Okay, that’s really good color. The last one for me and then I’ll jump back into the queue, just a housekeeping question for Ron. In the press release, you had called out [indiscernible] on the freight side of things in terms of the cost there. It sounds like an incremental labor cost from the acquisitions you made. Is that more [indiscernible], more unusual in the quarter, or how do I think about those [indiscernible] in the second half of the year?

Ron Knutson

Yes Ryan, those are a little bit more unusual for the quarter, I would say, in that as you saw, our gross margins improved sequentially from Q1 into Q2, but they came down--I mean, they were brought down a little bit because of some of the upfront cost. So you know, on the freight side, we manage that closely relative to our freight expense versus the freight charges to some of our customers, and then on the inventory side relative to bringing over some of the acquisitions, that will come and go as acquisitions take place. Certainly it’s part of the overall integration cost, so that—[indiscernible] to comment on what it will look like going forward. It really depends upon when the acquisitions will fall in each of the quarters.

Ryan Cieslak

Is there a way to think about it, just from a quantification standpoint, or it’s hard really to pin that down at this point?

Ron Knutson

Yes, I would say a couple things. One is both on the freight side as well as what I would say still from additional labor dollars that we incurred, both on the acquisition side as well as continuing to refine and work through our inventory forecasting system, on a combined basis those make up 90% of the 60 basis point decrease that we saw from a year ago.

Ryan Cieslak

Okay, perfect. Thanks guys, I appreciate it.

Michael DeCata

Thank you.

Operator

Ladies and gentlemen, I’d like to remind you that it’s star, one to ask a question - star, one. We’ll go next to Kevin Steinke. Please go ahead, your line is open.

Kevin Steinke

Good morning, Mike and Ryan. So the rep hiring number obviously was a great number, and looking back historically, I believe that the largest number of reps you’ve added in the quarter since you started this accelerated hiring plan over two years ago. Is there anything in particular you would highlight that enabled that accelerated rep hiring in the quarter?

Michael DeCata

Yes, there were a couple of things. We’ve changed our processes a little bit. I think I’d mentioned quite some time ago—you know, I think a lot of people have not a comprehensive understanding of Lean Six Sigma. It’s broadly applicable to all kinds of processes, and in wave one - now, that happened in middle of 2013 - the rep hiring process was one of the processes that we focused on. We’ve seen a real compression in the period to fill an open position, so sometimes it takes a little time for a Lean Six Sigma project to really kind of infuse itself into your culture, but we are certainly seeing the benefit of that work that was begun some time ago.

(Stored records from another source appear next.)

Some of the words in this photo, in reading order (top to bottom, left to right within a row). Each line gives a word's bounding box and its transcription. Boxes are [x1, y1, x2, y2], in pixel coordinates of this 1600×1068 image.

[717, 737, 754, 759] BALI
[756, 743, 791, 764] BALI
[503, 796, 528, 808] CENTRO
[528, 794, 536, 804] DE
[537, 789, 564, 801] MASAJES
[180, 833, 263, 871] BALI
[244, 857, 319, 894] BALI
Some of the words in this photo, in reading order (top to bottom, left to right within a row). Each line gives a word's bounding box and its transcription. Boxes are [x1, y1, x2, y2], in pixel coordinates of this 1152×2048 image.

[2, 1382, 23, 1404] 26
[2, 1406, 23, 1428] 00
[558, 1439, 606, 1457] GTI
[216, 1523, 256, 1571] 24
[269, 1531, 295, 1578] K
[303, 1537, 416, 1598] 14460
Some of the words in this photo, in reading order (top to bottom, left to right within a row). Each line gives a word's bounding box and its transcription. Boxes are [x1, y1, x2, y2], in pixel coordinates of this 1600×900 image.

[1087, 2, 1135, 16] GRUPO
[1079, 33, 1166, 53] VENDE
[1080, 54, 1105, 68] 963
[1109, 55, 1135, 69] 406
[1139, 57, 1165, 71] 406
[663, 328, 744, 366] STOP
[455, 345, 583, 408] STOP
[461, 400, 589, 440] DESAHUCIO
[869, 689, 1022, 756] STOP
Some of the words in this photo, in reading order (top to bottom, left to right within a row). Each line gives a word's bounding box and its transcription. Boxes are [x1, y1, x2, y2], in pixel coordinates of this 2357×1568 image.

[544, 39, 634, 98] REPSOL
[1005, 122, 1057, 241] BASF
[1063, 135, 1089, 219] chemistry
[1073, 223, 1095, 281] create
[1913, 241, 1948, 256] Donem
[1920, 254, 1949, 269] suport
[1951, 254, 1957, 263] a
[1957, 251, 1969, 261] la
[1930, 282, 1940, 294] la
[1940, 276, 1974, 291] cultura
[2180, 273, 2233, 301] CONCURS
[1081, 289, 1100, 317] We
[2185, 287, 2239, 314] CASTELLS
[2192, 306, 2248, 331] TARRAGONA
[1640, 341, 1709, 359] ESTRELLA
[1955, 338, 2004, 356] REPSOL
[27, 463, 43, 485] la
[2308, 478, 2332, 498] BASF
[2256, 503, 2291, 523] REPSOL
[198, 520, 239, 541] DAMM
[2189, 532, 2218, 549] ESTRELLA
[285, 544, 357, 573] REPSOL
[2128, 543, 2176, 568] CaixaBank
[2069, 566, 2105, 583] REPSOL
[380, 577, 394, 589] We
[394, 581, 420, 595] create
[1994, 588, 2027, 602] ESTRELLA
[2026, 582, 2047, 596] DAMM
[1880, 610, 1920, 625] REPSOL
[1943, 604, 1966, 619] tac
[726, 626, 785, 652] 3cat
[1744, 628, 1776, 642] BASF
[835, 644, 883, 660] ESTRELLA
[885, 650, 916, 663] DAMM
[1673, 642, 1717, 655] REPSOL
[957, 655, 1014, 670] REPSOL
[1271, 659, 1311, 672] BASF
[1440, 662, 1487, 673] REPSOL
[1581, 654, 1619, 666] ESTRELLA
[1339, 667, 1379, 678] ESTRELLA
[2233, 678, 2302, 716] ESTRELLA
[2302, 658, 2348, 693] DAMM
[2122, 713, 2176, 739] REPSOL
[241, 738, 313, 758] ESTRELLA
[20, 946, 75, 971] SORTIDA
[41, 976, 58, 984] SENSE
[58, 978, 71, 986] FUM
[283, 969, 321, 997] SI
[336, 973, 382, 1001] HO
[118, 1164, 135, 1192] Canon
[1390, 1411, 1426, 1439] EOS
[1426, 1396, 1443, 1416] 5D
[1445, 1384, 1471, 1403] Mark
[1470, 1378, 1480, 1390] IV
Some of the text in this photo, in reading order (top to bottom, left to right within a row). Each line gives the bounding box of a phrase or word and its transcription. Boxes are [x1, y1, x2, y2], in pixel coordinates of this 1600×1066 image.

The other thing that is a little different for us, we for the first time in the last six or 12 months have used job fairs, which have been very effective for us, a way for our district sales managers and region directors to meet candidates in person. It’s kind of in parallel with doing a paper analysis and reading resumes and all the other things that we would already do. So it’s more about continuous process refinement, but as we do more and more of this, we’re getting better and better at it. I guess I would characterize many functions of the company where we’re being contemporary and sort of exercising those muscles in a way that we haven’t several years ago. We’re trying to be sharply focused across the board on analytics, process improvements, and real engagement of the sales management team - they’ve done a great job for us. Hats off to our district sales managers and our HR team, and everybody who has sort of rallied together to jump on that goal.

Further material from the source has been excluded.